The iPad 3 will feature a retina display, so we’ve been hearing for months now. Well Mac Rumors has got its hands on what it claims is this fabled display, and while it’s not attached to an iPad 3, it is the closest anyone’s come to confirming the screen’s existence.
That’s it up there. The ruler is apparently to prove it’s the same 9.7-inches across as on the original iPad and iPad 2.
Obviously with no iPad to power it up there’s no way of seeing it in action, so instead the sleuths got the microscope out. Placed next to an iPad 2 screen and inspected up close, the new screen’s pixels look one quarter the size of those on the previous iPad. Zoom in even closer, and you can see there are twice as many pixels (made of red, green and blue elements) in each direction as in the same-size area on the iPad 2.
And you know what that means: twice the resolution.
Apply Mac Rumor’s findings to the full-size 9.7-inch screen, and the resolution should be 2,048×1,536 pixels — twice the iPad 2’s 1,024×768. That’s what we’ve been hearing the retina display’s resolution will be, spelling sharper images, which will be great for media like games and videos. (And while everyone may claim to use their iPad for couch computing, I think we all know it’s really all about games and movies.)
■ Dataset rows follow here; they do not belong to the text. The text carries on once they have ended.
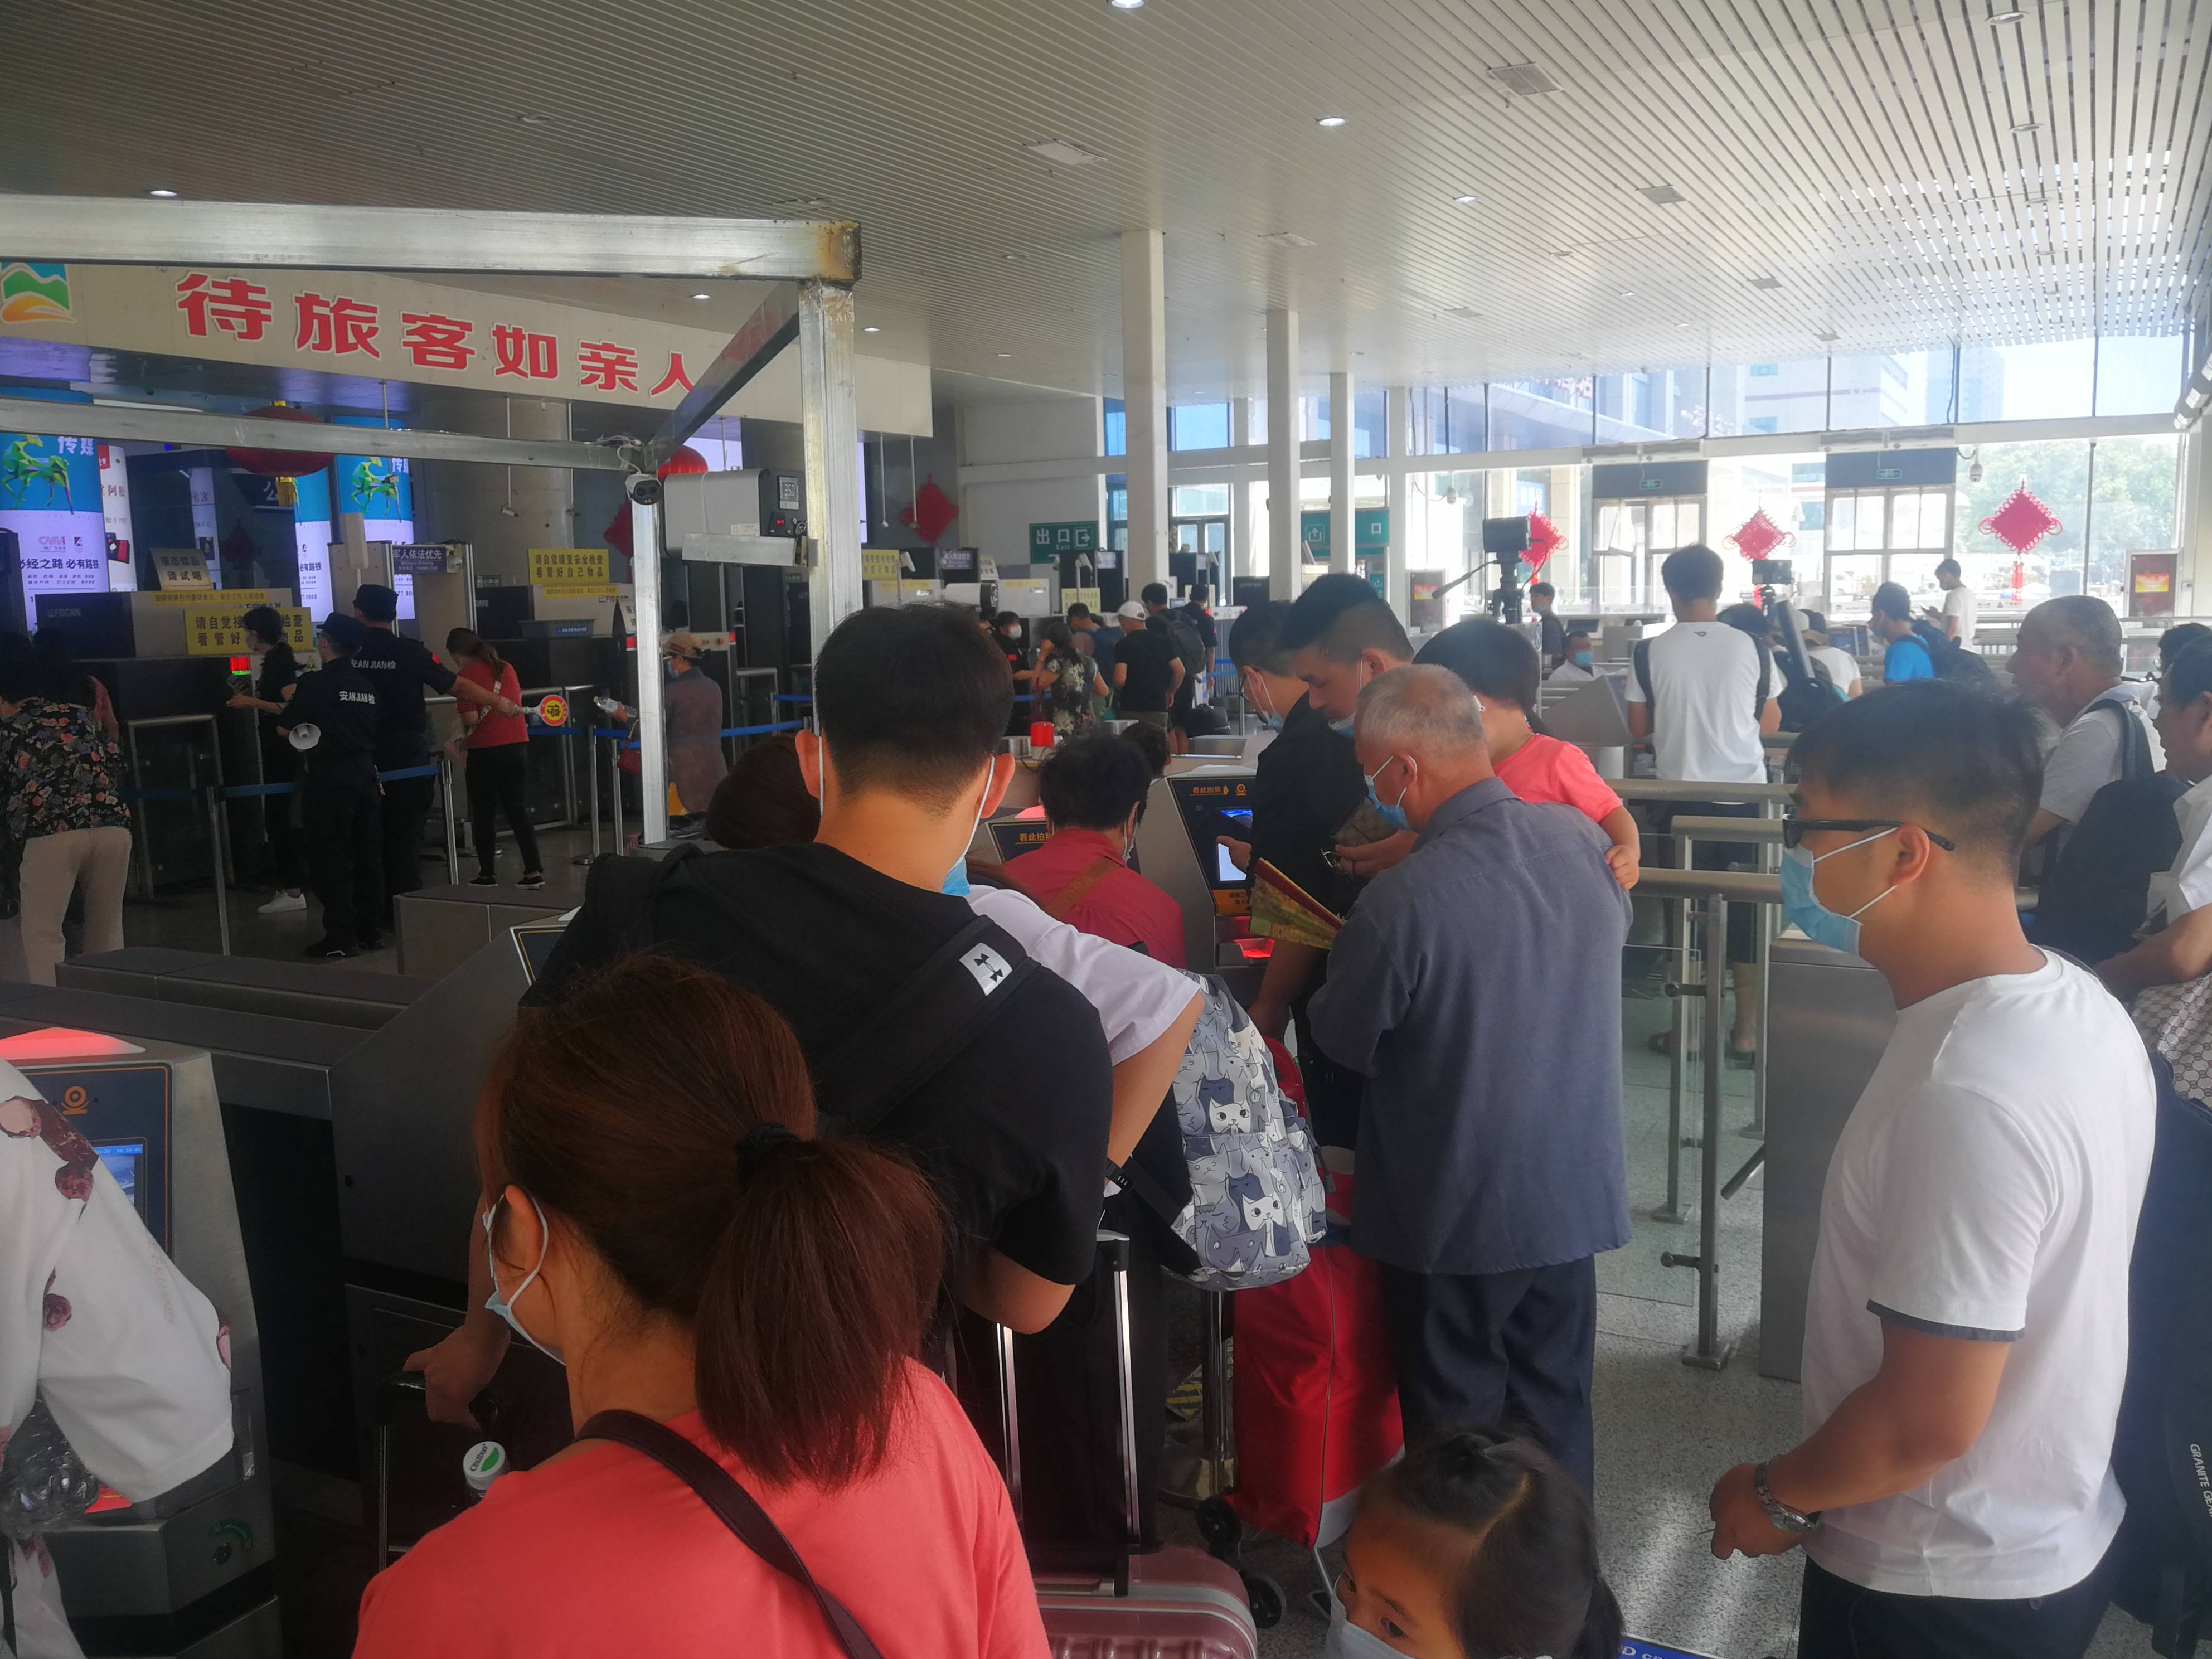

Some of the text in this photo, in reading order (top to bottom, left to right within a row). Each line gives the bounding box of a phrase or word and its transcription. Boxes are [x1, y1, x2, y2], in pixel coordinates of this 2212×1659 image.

[177, 273, 694, 397] 待旅客如亲人
[1036, 528, 1070, 544] 出口
[393, 548, 442, 559] 军人依法优先
[196, 614, 303, 630] 请自觉接检查
[198, 630, 304, 647] 看管好物品
[546, 704, 562, 718] 停
[1192, 785, 1221, 794] 看此拍照
[2190, 1443, 2212, 1518] GRANITE GEA
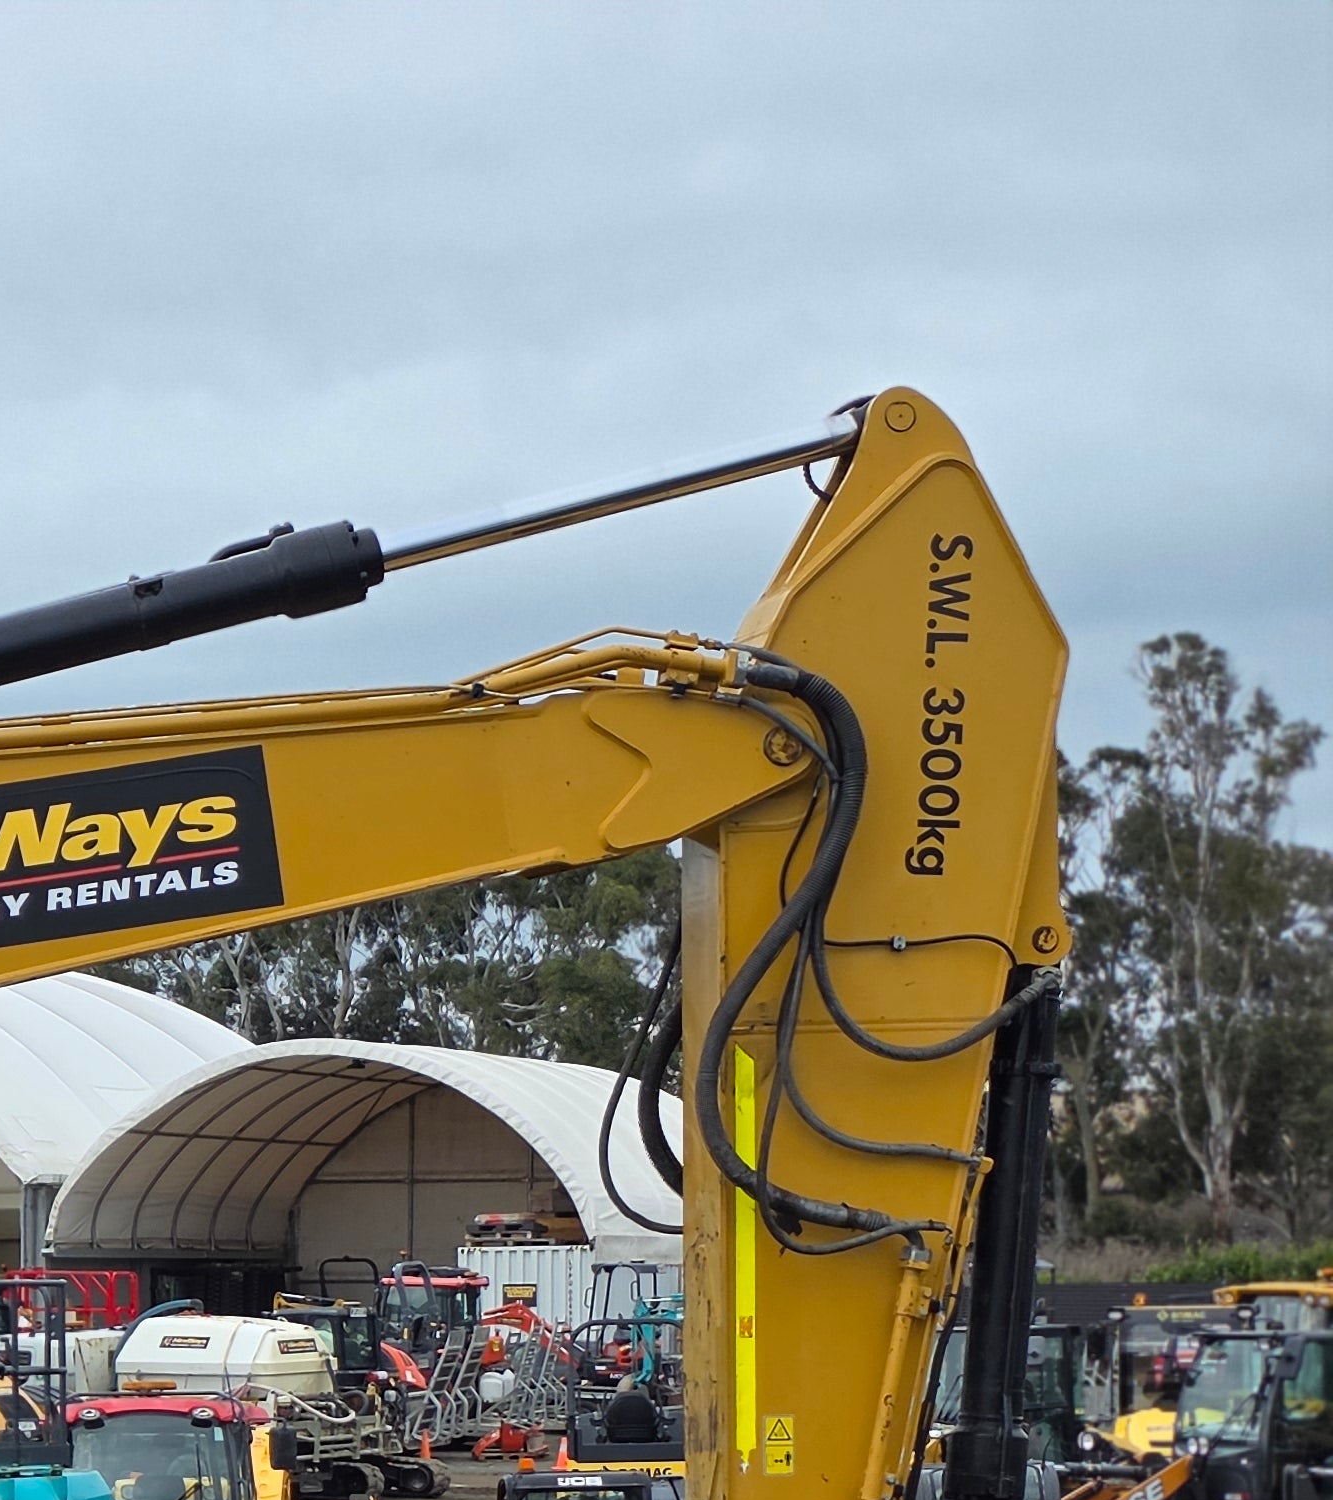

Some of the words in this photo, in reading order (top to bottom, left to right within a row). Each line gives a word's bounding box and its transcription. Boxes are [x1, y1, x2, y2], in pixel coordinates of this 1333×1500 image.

While I’m less sure of a lot of other iPad rumours, the retina display seems a dead cert for the latest Apple tablet. A higher resolution screen will also help see off competition like the Asus Transformer Prime, though its own software update delays seem to be doing a pretty good job of that. An iPad 3 announcement in the first week of March is also pretty likely, a year on from the iPad 2 launch.